The accuracy of those notes remains an open question, Dr. Garcia said – mostly because accuracy can be hard to define.

“If you asked five docs to write a note based on the same patient encounter, you’d get five different notes,” Dr. Garcia said. “That makes it hard to assess these technologies in a scientifically rigorous way.”

Still, the onus is on the physician to review the notes and edit them as needed, Dr. Garcia said. How light or heavy those edits are can depend on your unique preferences.

Dr. Shilling said he may need to lightly edit transcripts of his conversations with patients. “When someone tells me how long their knee hurts, slight variability in their transcribed words is tolerable,” he said. But for some things – such as physical exam notes and x-ray readings – he dictates directly into the device, speaking at a closer range and being less conversational, more exact in his speech.

Should you let patients know they’re being recorded?

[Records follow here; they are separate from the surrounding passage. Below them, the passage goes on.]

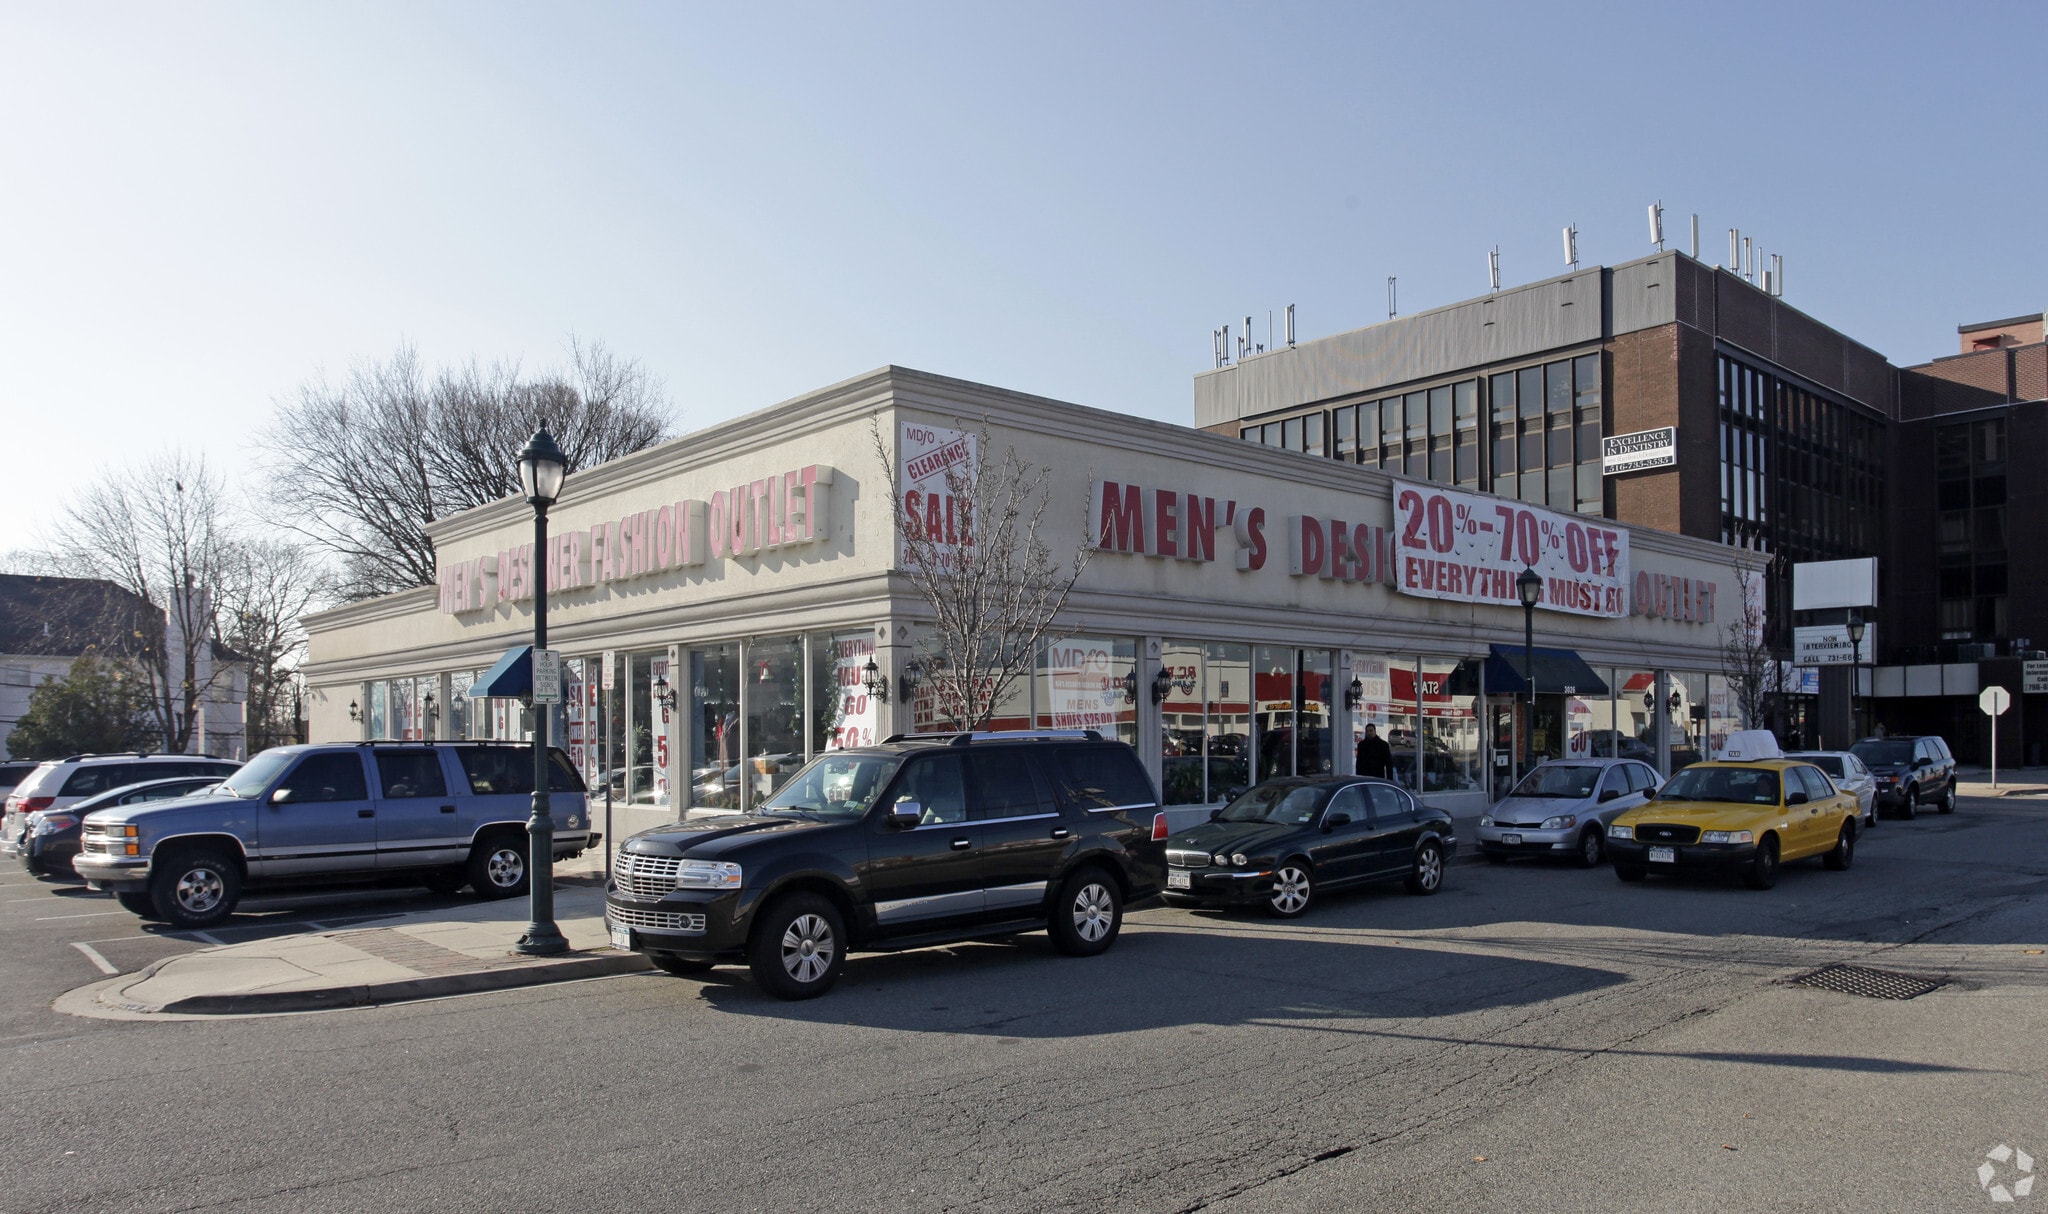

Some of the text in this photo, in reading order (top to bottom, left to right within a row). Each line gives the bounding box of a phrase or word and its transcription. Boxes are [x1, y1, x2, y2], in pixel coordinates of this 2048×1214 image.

[1607, 438, 1670, 456] IN DENTISTRY
[1610, 431, 1667, 447] EXCELLENCE
[904, 489, 974, 547] SALE
[440, 464, 817, 614] MEN'S DESINER FASHION OUTLET
[1100, 480, 1267, 571] MEN'S
[1636, 570, 1717, 623] OUTLET
[1565, 522, 1619, 578] OFF
[1548, 578, 1602, 612] MUST
[1606, 587, 1624, 614] GO
[1803, 655, 1820, 663] CALL
[1564, 685, 1576, 694] 3026
[845, 695, 867, 715] GO
[1067, 698, 1100, 710] MENS
[1055, 711, 1082, 729] SHOES

The federal Health Insurance Portability and Accountability Act (HIPAA) does not require providers to inform patients that their face-to-face conversations are being recorded, said Daniel Lebovic, JD, corporate legal counsel at Compliancy Group, in Greenlawn, N.Y., a company that helps providers adhere to HIPAA rules.

But make sure you know the laws in your state and the policies at your health care practice. State laws may require providers to inform patients and to get patients’ consent in advance of being recorded.

All the doctors who spoke to this news organization said their patients are informed that they’ll be recorded and that they can opt out if they wish.